What is needed is a word-for-word copy of every record below, minus the pictures.

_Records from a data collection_
"""
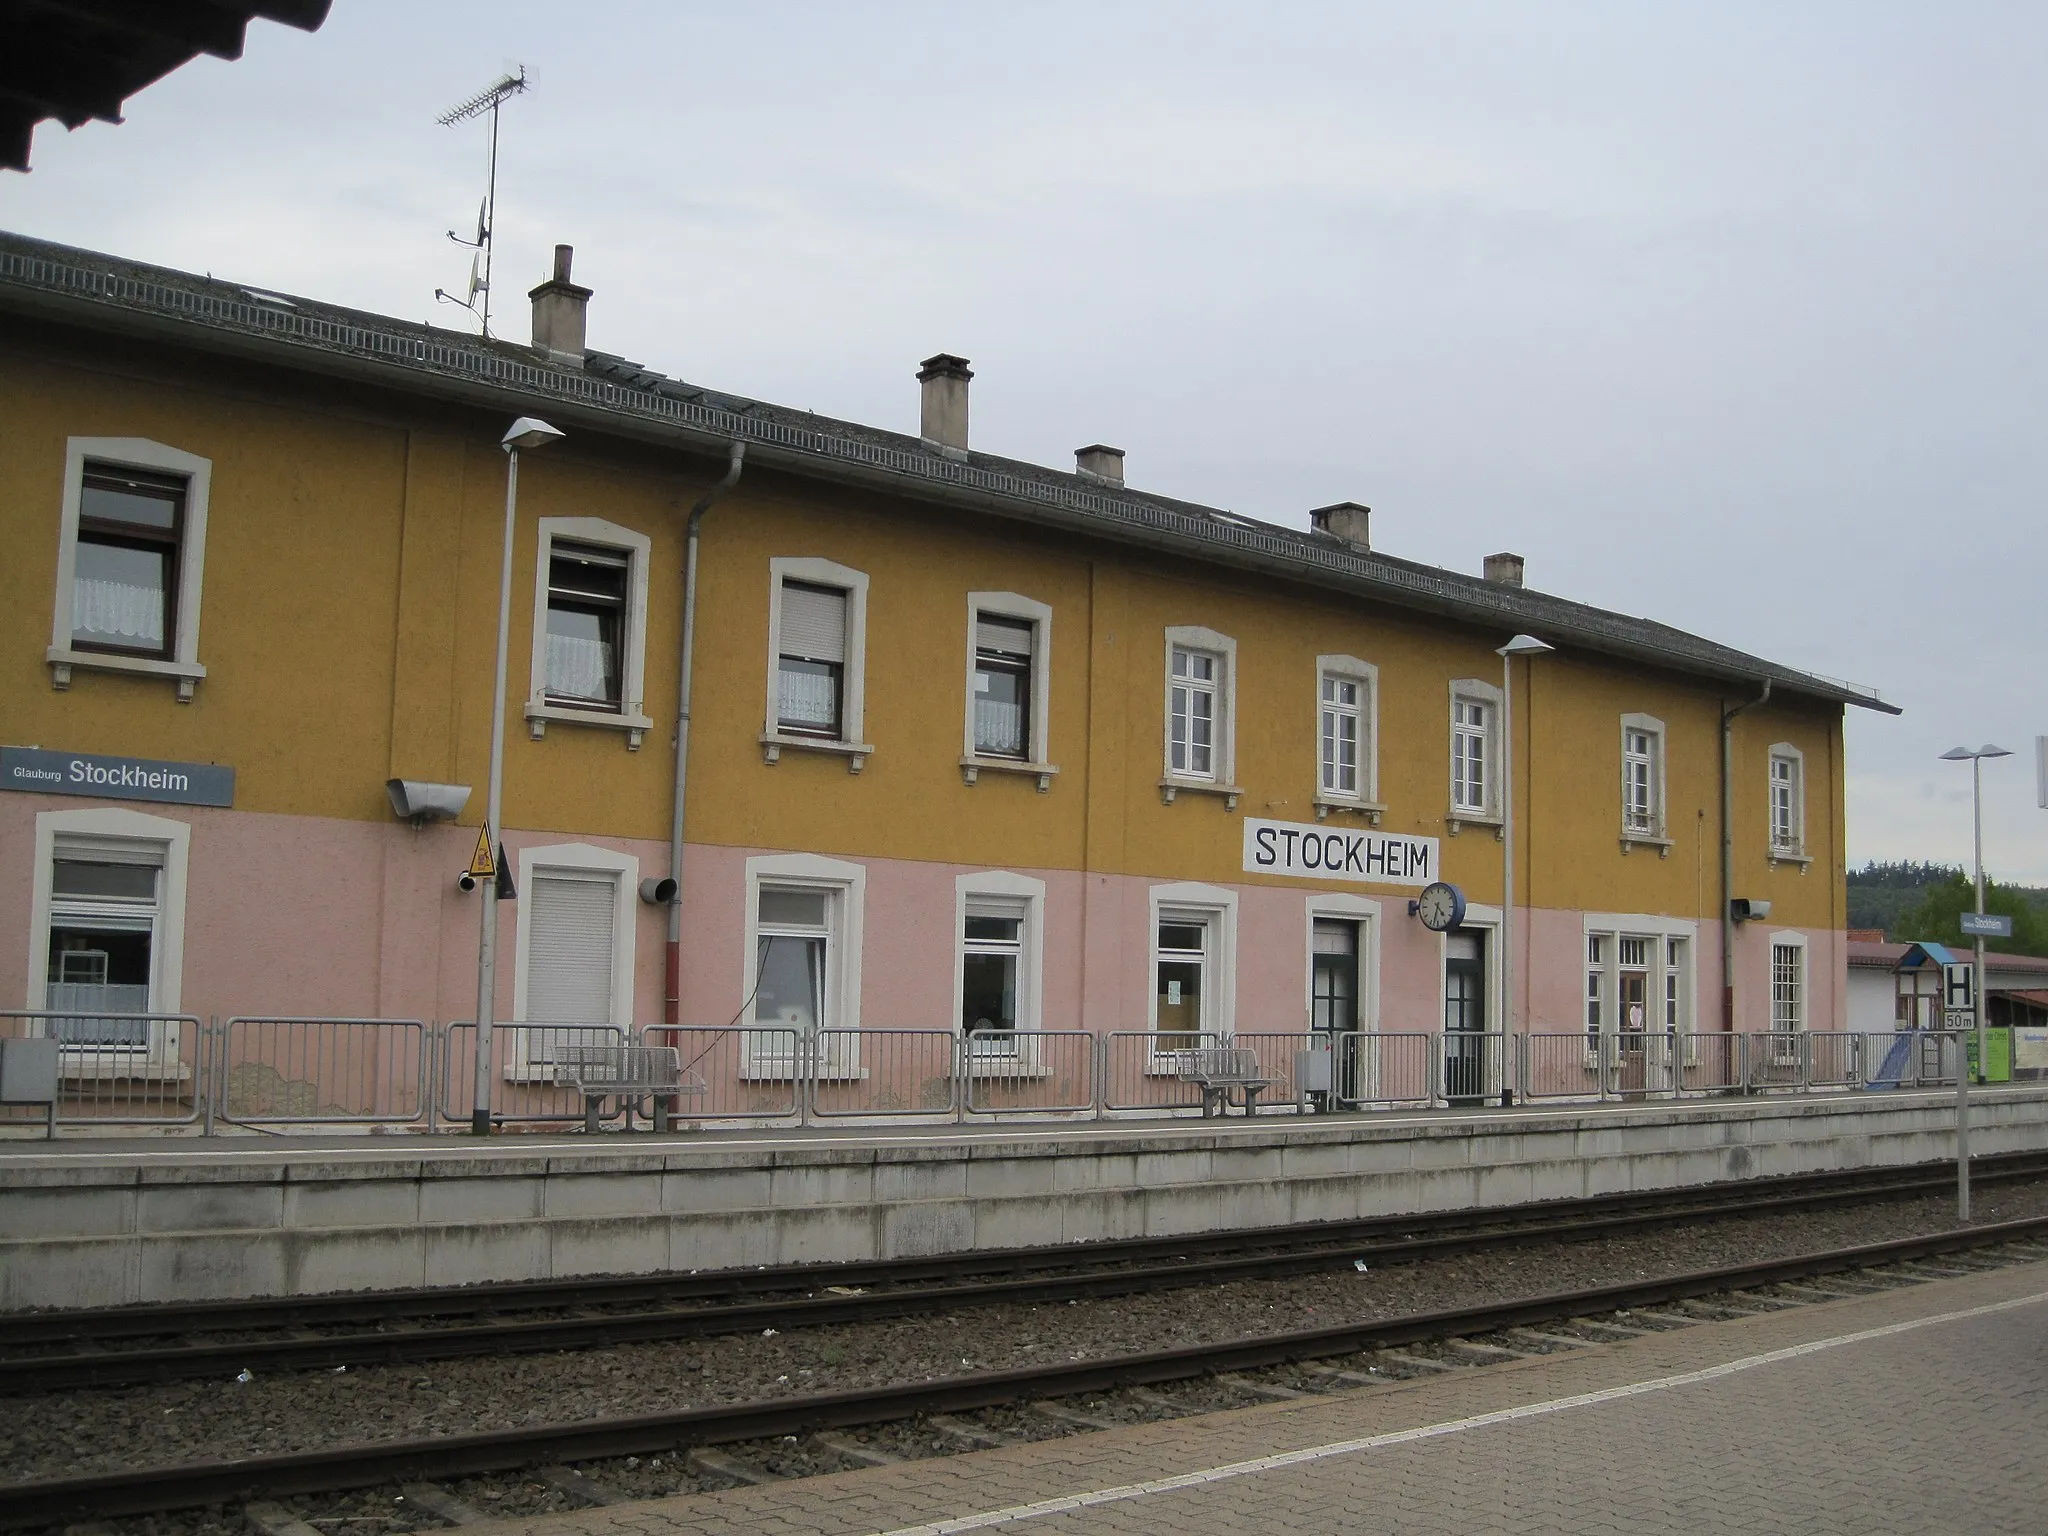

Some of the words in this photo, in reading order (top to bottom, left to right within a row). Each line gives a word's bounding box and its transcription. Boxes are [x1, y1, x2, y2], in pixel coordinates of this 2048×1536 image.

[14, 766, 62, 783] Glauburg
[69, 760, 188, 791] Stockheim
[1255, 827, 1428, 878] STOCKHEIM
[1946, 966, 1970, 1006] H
"""
_Result of this task_
Some of the words in this photo, in reading order (top to bottom, left to right within a row). Each line gives a word's bounding box and its transcription. Boxes are [x1, y1, x2, y2], in pixel coordinates of this 2048×1536 image.

[14, 766, 62, 783] Glauburg
[69, 760, 188, 791] Stockheim
[1255, 827, 1428, 878] STOCKHEIM
[1946, 966, 1970, 1006] H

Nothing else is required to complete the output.